#### ABOUT THIS TASK
Apart from the pictures, every entry must be retyped exactly.

---------- DATA IN THIS EXERCISE

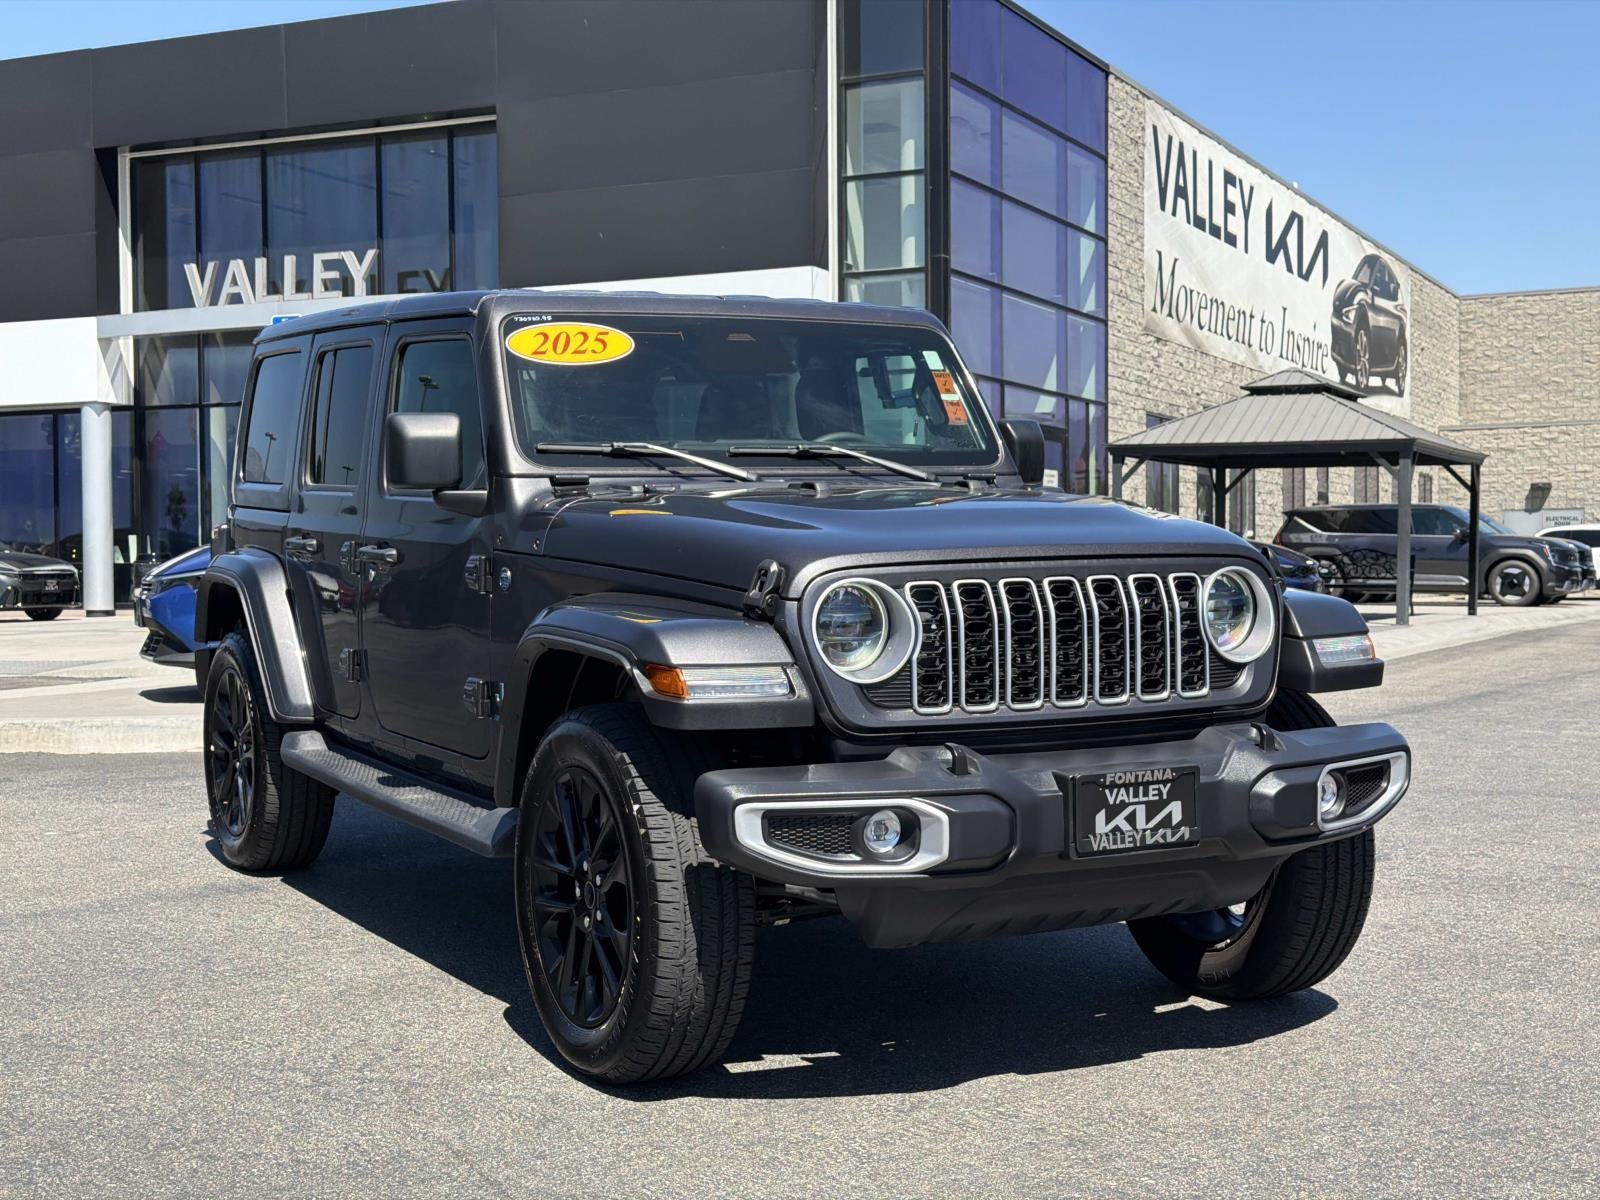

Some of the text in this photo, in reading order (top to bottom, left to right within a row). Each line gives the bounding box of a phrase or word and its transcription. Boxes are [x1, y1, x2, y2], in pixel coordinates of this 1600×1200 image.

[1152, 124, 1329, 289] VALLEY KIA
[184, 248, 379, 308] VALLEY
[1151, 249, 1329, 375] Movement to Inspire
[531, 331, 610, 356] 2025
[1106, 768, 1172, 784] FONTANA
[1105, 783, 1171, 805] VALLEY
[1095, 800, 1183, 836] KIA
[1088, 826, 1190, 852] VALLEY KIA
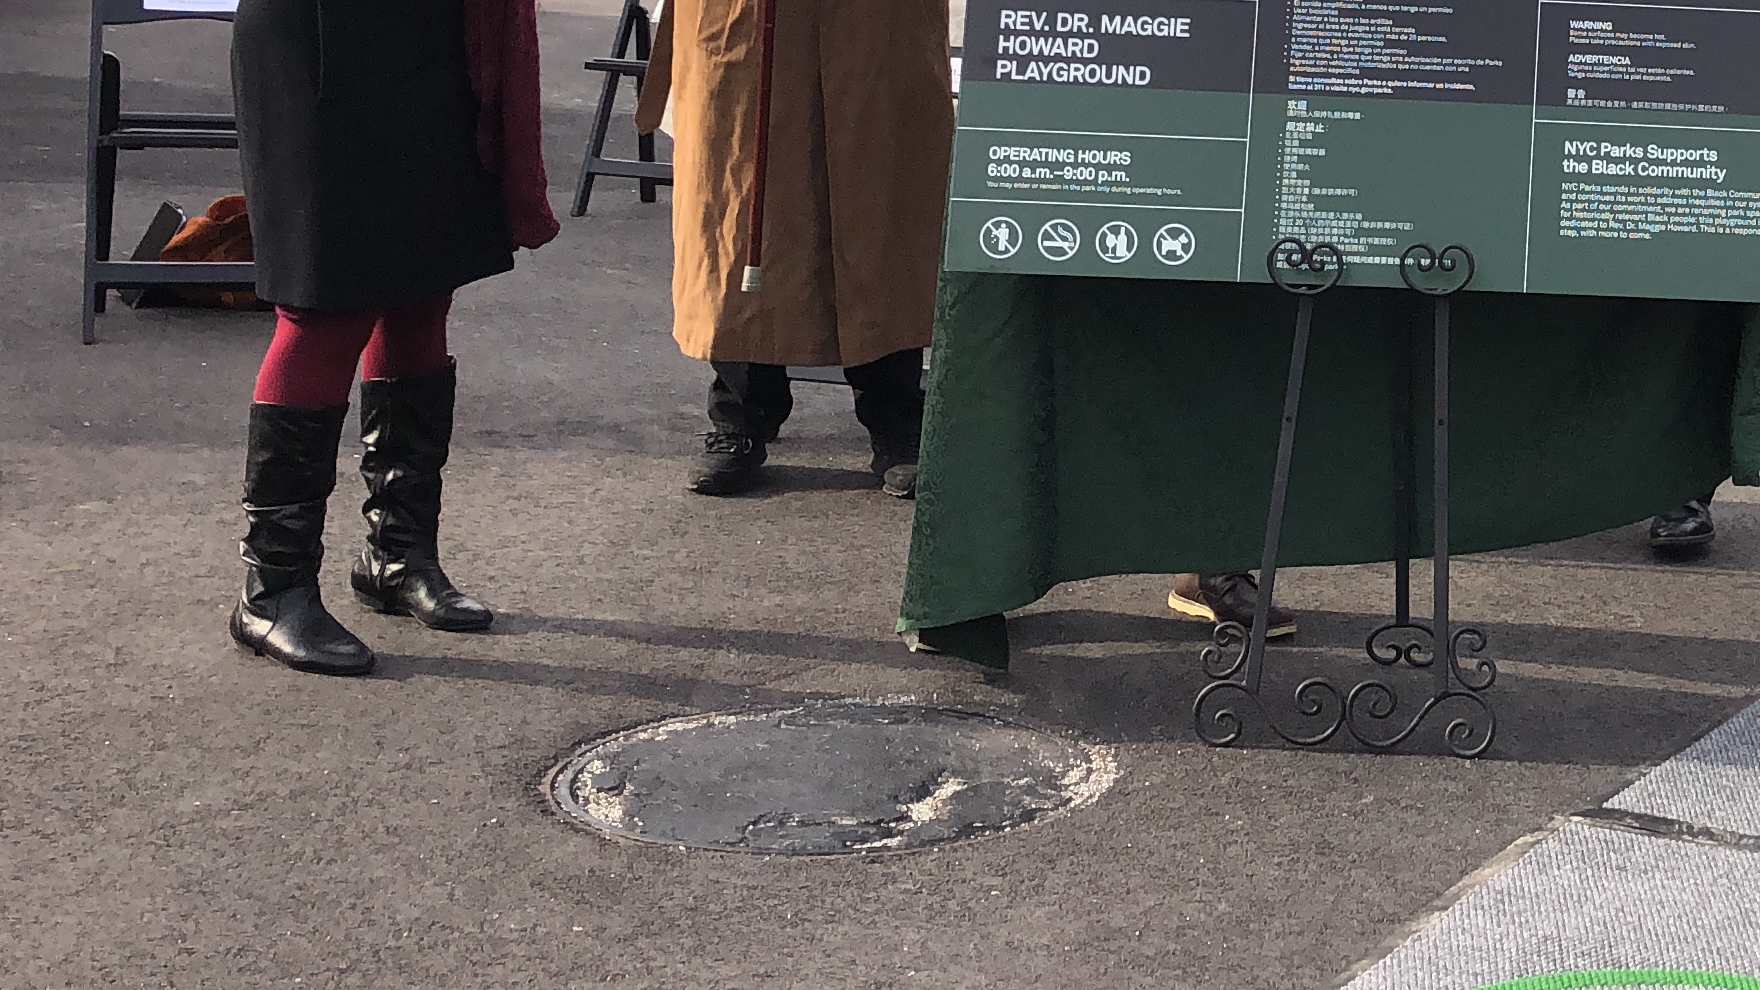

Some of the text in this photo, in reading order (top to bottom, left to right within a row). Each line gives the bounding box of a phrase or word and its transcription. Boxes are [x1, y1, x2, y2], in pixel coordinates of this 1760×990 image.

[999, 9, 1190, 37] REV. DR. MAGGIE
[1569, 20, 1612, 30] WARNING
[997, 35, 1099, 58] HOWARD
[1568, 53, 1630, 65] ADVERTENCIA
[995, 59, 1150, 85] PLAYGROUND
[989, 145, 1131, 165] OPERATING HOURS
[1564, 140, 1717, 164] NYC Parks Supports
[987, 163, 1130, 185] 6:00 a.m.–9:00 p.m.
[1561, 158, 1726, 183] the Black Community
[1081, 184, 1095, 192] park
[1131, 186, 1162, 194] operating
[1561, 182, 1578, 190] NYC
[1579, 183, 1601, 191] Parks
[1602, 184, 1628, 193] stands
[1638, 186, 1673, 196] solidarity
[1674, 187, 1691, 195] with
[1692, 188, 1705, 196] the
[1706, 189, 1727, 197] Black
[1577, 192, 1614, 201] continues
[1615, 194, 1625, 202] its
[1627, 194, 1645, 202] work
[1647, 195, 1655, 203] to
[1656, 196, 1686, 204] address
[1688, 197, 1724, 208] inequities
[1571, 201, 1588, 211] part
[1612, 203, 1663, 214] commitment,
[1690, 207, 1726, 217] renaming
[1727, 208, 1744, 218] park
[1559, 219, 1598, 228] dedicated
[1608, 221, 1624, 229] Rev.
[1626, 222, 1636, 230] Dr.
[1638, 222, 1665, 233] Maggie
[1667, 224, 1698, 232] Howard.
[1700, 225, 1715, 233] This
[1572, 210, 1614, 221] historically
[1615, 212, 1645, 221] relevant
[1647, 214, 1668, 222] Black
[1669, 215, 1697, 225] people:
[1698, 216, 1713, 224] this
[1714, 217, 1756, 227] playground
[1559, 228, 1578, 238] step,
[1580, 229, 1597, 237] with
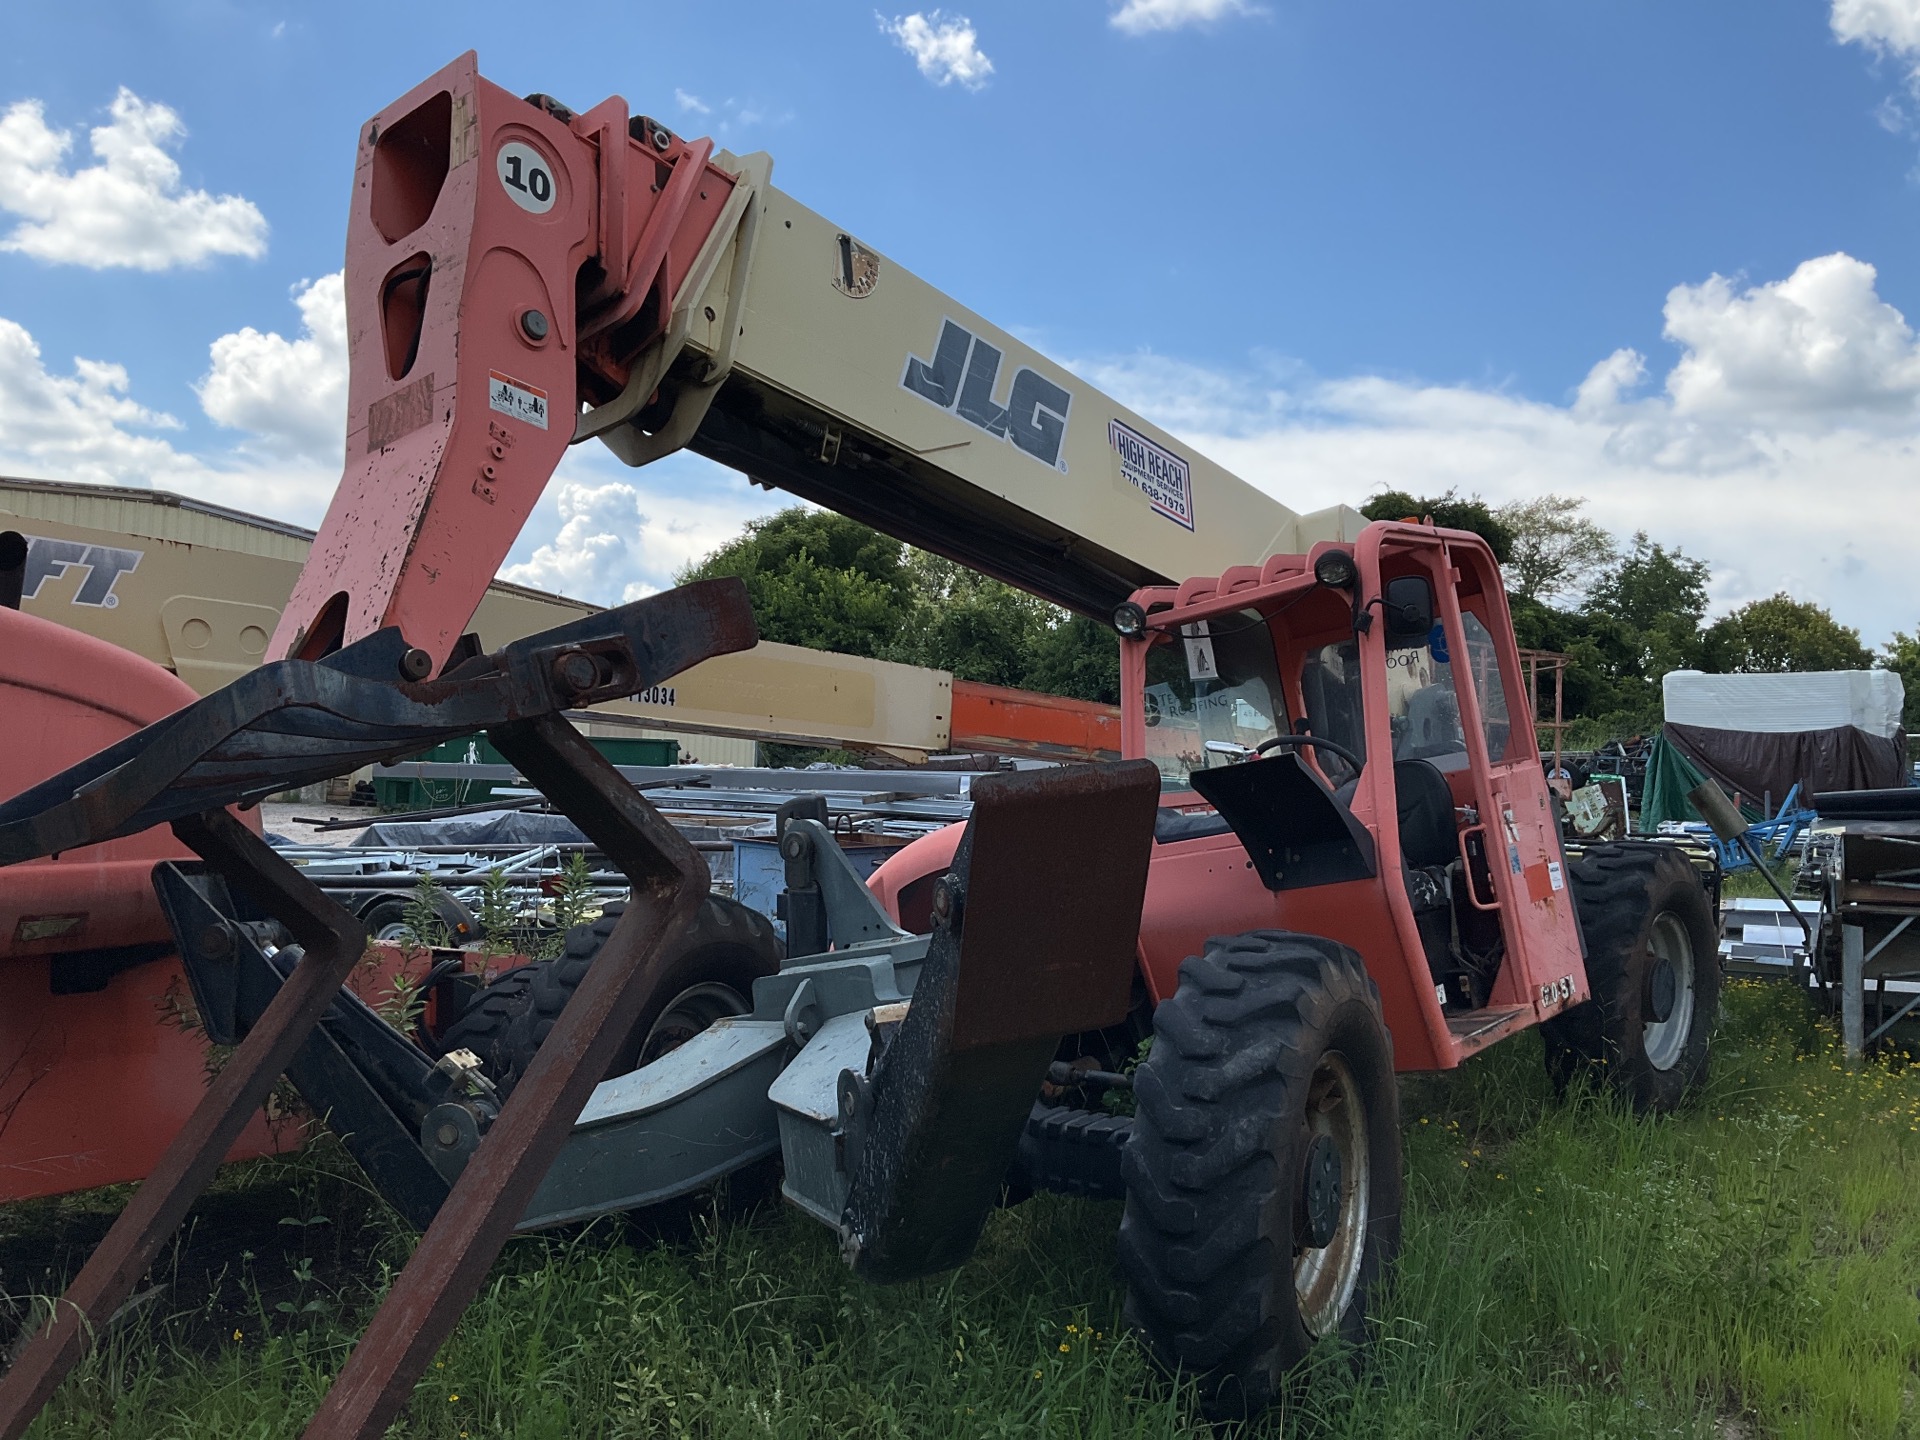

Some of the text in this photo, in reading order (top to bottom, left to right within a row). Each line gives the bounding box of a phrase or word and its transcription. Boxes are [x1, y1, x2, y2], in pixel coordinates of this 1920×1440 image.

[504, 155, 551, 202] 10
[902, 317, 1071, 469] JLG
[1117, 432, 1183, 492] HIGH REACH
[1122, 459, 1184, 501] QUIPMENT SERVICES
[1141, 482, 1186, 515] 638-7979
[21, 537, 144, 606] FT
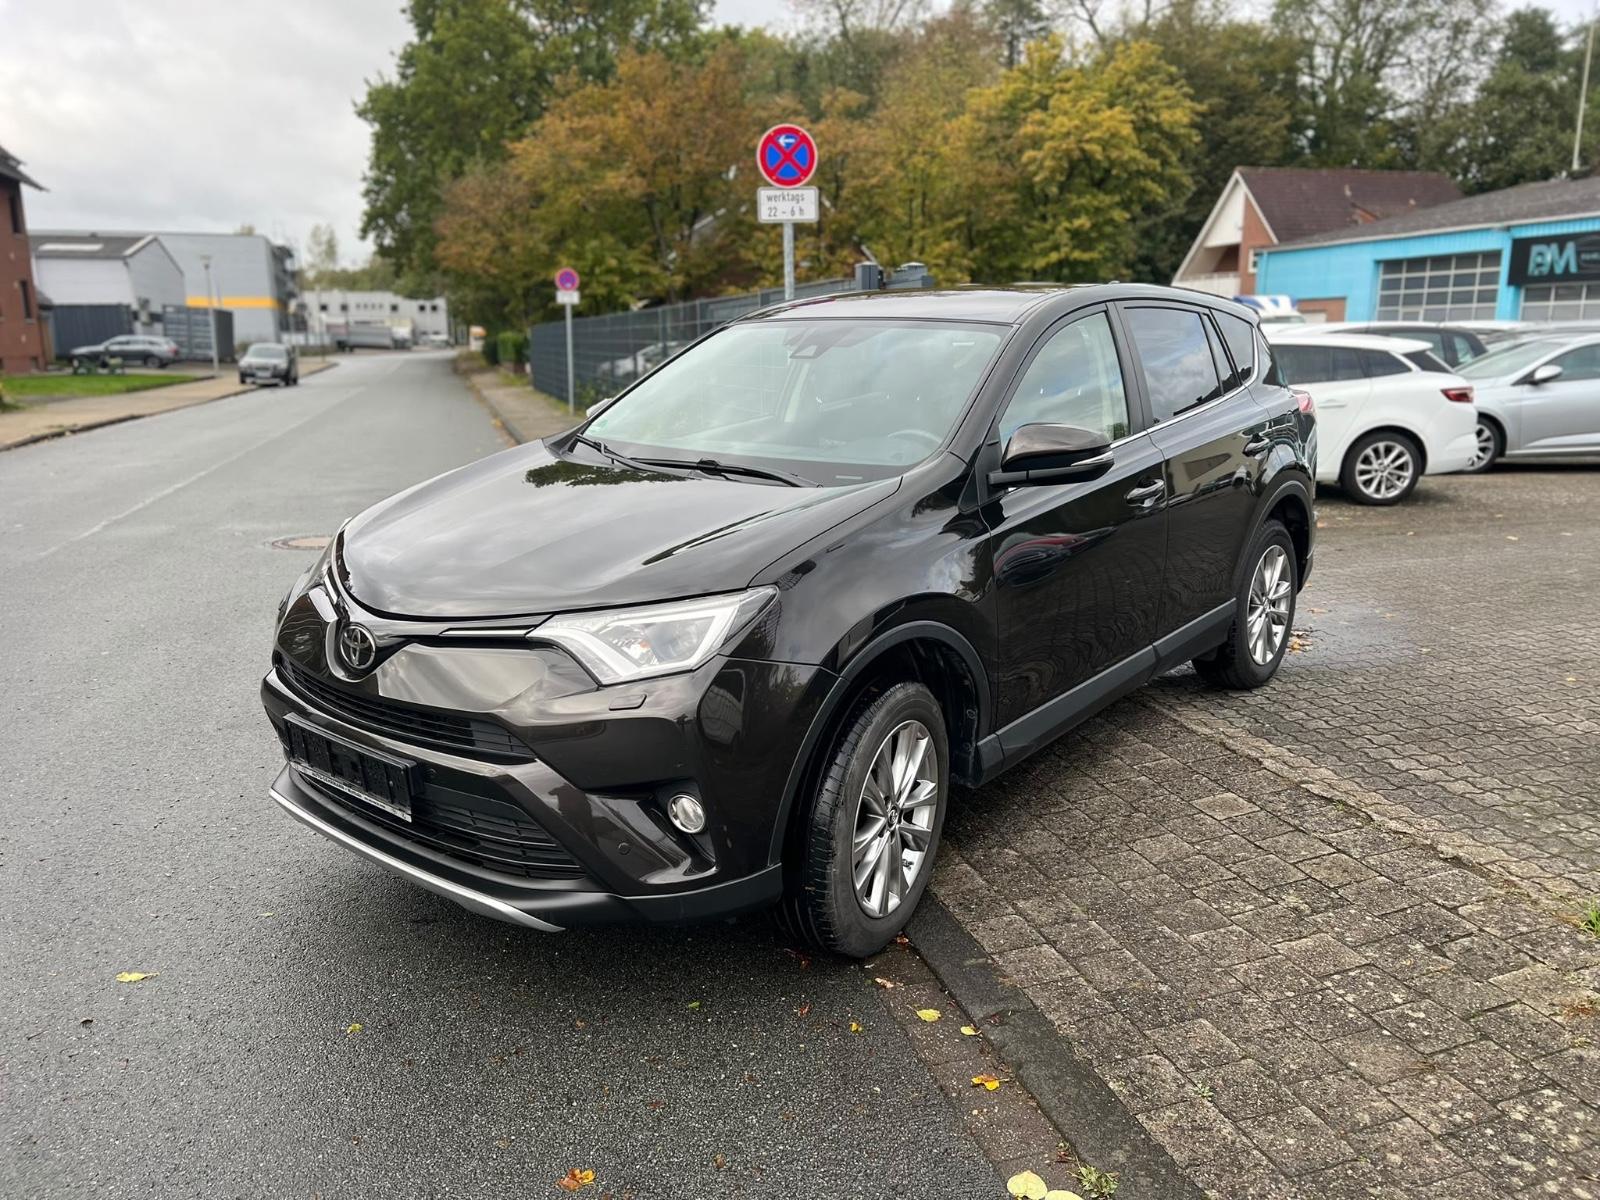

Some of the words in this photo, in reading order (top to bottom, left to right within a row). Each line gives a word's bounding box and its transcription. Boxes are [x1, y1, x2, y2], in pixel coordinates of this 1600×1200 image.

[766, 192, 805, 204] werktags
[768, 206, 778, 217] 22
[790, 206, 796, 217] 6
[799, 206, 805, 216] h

--------------------

#### EXPECTED ANSWER
Some of the text in this photo, in reading order (top to bottom, left to right within a row). Each line gives the bounding box of a phrase or word and its transcription. Boxes are [x1, y1, x2, y2], in pixel coordinates of this 1600×1200 image.

[1152, 124, 1329, 289] VALLEY KIA
[184, 248, 379, 308] VALLEY
[1151, 249, 1329, 375] Movement to Inspire
[531, 331, 610, 356] 2025
[1106, 768, 1172, 784] FONTANA
[1105, 783, 1171, 805] VALLEY
[1095, 800, 1183, 836] KIA
[1088, 826, 1190, 852] VALLEY KIA

Some of the text in this photo, in reading order (top to bottom, left to right within a row). Each line gives the bounding box of a phrase or word and its transcription. Boxes are [x1, y1, x2, y2], in pixel coordinates of this 1760×990 image.

[999, 9, 1190, 37] REV. DR. MAGGIE
[1569, 20, 1612, 30] WARNING
[997, 35, 1099, 58] HOWARD
[1568, 53, 1630, 65] ADVERTENCIA
[995, 59, 1150, 85] PLAYGROUND
[989, 145, 1131, 165] OPERATING HOURS
[1564, 140, 1717, 164] NYC Parks Supports
[987, 163, 1130, 185] 6:00 a.m.–9:00 p.m.
[1561, 158, 1726, 183] the Black Community
[1081, 184, 1095, 192] park
[1131, 186, 1162, 194] operating
[1561, 182, 1578, 190] NYC
[1579, 183, 1601, 191] Parks
[1602, 184, 1628, 193] stands
[1638, 186, 1673, 196] solidarity
[1674, 187, 1691, 195] with
[1692, 188, 1705, 196] the
[1706, 189, 1727, 197] Black
[1577, 192, 1614, 201] continues
[1615, 194, 1625, 202] its
[1627, 194, 1645, 202] work
[1647, 195, 1655, 203] to
[1656, 196, 1686, 204] address
[1688, 197, 1724, 208] inequities
[1571, 201, 1588, 211] part
[1612, 203, 1663, 214] commitment,
[1690, 207, 1726, 217] renaming
[1727, 208, 1744, 218] park
[1559, 219, 1598, 228] dedicated
[1608, 221, 1624, 229] Rev.
[1626, 222, 1636, 230] Dr.
[1638, 222, 1665, 233] Maggie
[1667, 224, 1698, 232] Howard.
[1700, 225, 1715, 233] This
[1572, 210, 1614, 221] historically
[1615, 212, 1645, 221] relevant
[1647, 214, 1668, 222] Black
[1669, 215, 1697, 225] people:
[1698, 216, 1713, 224] this
[1714, 217, 1756, 227] playground
[1559, 228, 1578, 238] step,
[1580, 229, 1597, 237] with

Some of the text in this photo, in reading order (top to bottom, left to right within a row). Each line gives the bounding box of a phrase or word and its transcription. Boxes are [x1, y1, x2, y2], in pixel coordinates of this 1920×1440 image.

[504, 155, 551, 202] 10
[902, 317, 1071, 469] JLG
[1117, 432, 1183, 492] HIGH REACH
[1122, 459, 1184, 501] QUIPMENT SERVICES
[1141, 482, 1186, 515] 638-7979
[21, 537, 144, 606] FT

Some of the words in this photo, in reading order (top to bottom, left to right within a row). Each line gives a word's bounding box and its transcription. Boxes are [x1, y1, x2, y2], in pixel coordinates of this 1600×1200 image.

[766, 192, 805, 204] werktags
[768, 206, 778, 217] 22
[790, 206, 796, 217] 6
[799, 206, 805, 216] h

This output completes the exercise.